What is the most important part of athletes’ bodies? Is it their arms? Their legs? Does it vary depending on the focus and parameter of the respective sport? No! The most important part of any athlete (and any person, for that matter) is the head! Contained within every person’s head is a massive network of nerves known collectively as the brain, an organ without which existence would be impossible! It is the brain that empowers people to think, move, live and, naturally, play sports! But with only about a quarter-inch thick skull standing between the preciously fragile brain and the outside world, and given how intense and dangerous some sports can be, sometimes more protection around the cranium is a necessary safety measure! Here are some of the various types of headgear protection that can be found in today’s popular sports, and how they provide an extra line of defense for their respective activity’s happenings.
Baseball: The Batter’s Plastic Hat and the Catcher’s Mask
While generally among the less recognized “rough” sports of the modern world, baseball is not exactly a calm walk in the park! Every pitch has a ball comprised mainly of rubber, cork, and or cowhide – all materials not so gentle, particularly when launched from the pitcher’s mound at 80-100 miles per hour! The two players that come closest to this in a baseball game are the batter from the opposing team and the defending team’s catcher, and without the proper headgear, a missed catch or wild pitch could potentially do more than simply ruin a person’s day.

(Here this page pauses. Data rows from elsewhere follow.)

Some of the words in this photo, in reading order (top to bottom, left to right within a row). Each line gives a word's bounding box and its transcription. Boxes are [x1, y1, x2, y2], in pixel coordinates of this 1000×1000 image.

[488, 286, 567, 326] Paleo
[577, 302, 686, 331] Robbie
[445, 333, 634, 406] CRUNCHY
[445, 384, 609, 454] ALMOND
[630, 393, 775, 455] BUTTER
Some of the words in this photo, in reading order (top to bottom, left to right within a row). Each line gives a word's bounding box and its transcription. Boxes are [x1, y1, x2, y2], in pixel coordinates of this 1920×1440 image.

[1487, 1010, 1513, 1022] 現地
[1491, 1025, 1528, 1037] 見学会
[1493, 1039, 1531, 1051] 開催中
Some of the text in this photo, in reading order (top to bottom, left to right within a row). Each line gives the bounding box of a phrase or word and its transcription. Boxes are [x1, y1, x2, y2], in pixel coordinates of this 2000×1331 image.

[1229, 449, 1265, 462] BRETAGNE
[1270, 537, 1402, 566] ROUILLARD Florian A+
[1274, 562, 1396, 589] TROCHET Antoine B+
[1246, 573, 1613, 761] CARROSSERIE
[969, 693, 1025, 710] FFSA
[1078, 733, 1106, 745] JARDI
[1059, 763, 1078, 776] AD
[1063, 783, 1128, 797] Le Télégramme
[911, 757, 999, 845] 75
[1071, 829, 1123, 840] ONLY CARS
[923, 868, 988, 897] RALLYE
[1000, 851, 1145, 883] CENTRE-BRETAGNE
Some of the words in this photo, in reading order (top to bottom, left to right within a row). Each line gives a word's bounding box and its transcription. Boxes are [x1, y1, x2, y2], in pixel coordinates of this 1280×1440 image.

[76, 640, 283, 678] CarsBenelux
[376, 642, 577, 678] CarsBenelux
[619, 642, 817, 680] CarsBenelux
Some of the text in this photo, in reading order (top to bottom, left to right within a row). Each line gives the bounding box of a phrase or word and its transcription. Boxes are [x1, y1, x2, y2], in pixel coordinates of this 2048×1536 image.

Designs for protective batting headgear began early in the 20th Century. Though early renditions were crudely made of softer, less durable materials (and did little to dependably protect a player’s whole head) the plastic batting helmet evolved some time later and is still in mainstream use (some modifications and improvements are periodically made over time). As can clearly be seen by its design, the modern batting helmet functions as a shield for batter against wild or erratic pitches. Full body armor for batters is absent in mainstream baseball play, but this helmet has, at least, worked as a more fortuitous defense against head injuries in baseball.
Though somewhat different in appearance and overall structure, the role of the catcher’s mask in baseball is comparable to that of the batter’s helmet. By design, the catcher’s mask provides much more frontal protection than the batter’s helmet, usually featuring a wireframe faceguard and reinforced coverage over the ears and forehead. The catcher’s helmet even covers a significant portion of a player’s throat, something the traditional batting helmet lacks. Given the catcher’s duty to stand directly in the path of incoming pitches throughout the game, sufficient protection is predictable and necessary.
American Football: Heavy-duty Head Protection
American football is one of the most popular contact sports in the United States today, and with so much coarse contact between players, protection of sensitive regions is more critical than ever. The headgear employed in the National Football League features a thick shell of protection around every player’s entire head, excluding the front (which is covered by a facemask of metal bars). Football helmets must light enough that they do not bog players down too severely, but also made of a durable, protective material to be effective. The inside of typical football helmets is lined with thick padding, which absorbs kinetic pressure and impact forces, and provides the player with comfort around the skull.
Racing: Auto-racing Helmets vs. Cycling Helmets
Helmets in sports that involve racing and vehicles can be among the most instrumental in protecting competitors. In automotive racing, drivers wear helmets for additional insurance. Vehicle collisions are not uncommon and augmented hazardously by the customary breakneck speeds at which most auto races take place. In the modern world, everything that goes into a motor racing helmet is designed for the nastiest imaginable event on the roadway. They often share similar designs with motorcycle helmets, including padded interior and eye-coverage. Other design choices are unique, like fire protection.
Cycling helmets afford significantly less protection than their counterparts, but most athletes, no matter how conditioned, will not be pedaling a bicycle at 100+ miles per hour! Cycling helmets are compact, light, and specifically designed not to impair cyclists’ vision. As a result, most of the protection provided encompasses the top and upper-sides of the head. While, at a glance, not the choicest protection in an accident, bicycle helmets certainly absorb some of the damage that could be caused by a crash and this protection is always better than none at all!